The most popular choice in Kenya involves M-Pesa, a home-grown, mobile phone-based money transfer service now also popular in other parts of Africa (and as far beyond as Afghanistan). M-Pesa is a banking service without banks. Customers deposit and withdraw money from any type of trusted agent, ranging from phone time resellers to your local corner shop.

Recycling is the most popular option in several countries, from Mali to Mozambique. Amid relatively mainstream ambitions (real estate in Lesotho, import/export in Chad, cleaning in Senegal), the continent also has a few standout preferences for people with an entrepreneurial itch.

In Gambia, it’s supplements. Somalians are keen on the consulting business. Namibians, perhaps not so surprisingly given the steady stream of tourists, want to go into photography. In South Africa, the dream career is that of cooking gas refiller. And in hoity-toity Mauritius, it’s interior design.
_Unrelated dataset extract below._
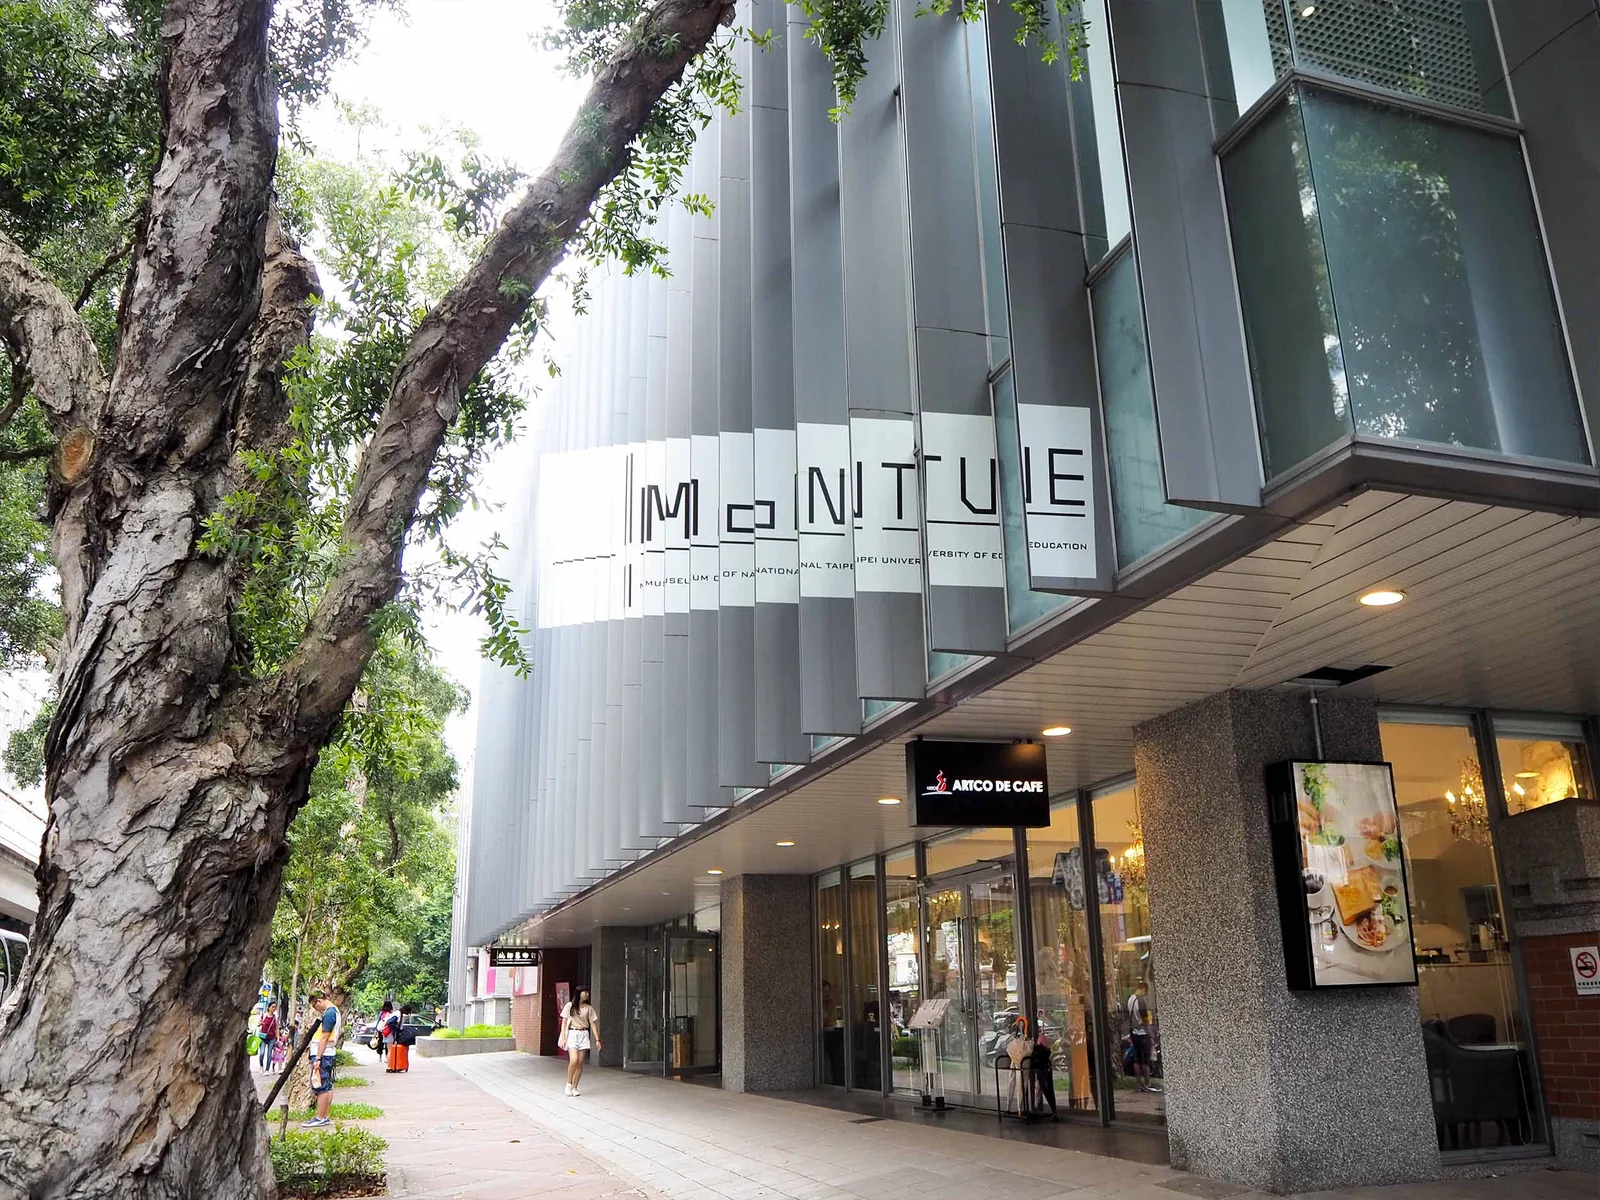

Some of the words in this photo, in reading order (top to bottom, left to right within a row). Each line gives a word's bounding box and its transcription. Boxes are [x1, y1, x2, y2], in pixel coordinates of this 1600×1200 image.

Southeast Asia and Oceania: spices, software and pig farming

Dream career in Nauru and Vanuatu: t-shirt making. (Credit: Zen Business, CC BY-SA 4.0)

Entrepreneurial ambitions across Southeast Asia and Oceania are extremely varied. Sri Lanka conforms to centuries-old stereotype by preferring the spice trade. Conforming to a more modern one, business hopefuls in Taiwan are going for the software industry.

The most searched for start-up business in New Zealand is lawn mowing. (I never knew that Kiwis loved their plots of grass so much — or, alternatively, that tending to them was so profitable.) Other weirdly specific preferences show up in Nepal (the liquor trade), Bhutan (the perfume business), the Solomon Islands (pig farming), and Vanuatu and Nauru (t-shirt making).

However, nobody beats the future tycoons of the Philippines for the breadth of their business ambitions. Their preferred start-up industry? Sundry. Why pick a business when you can just let business pick you? Brilliant. Kim Kardashian would be proud.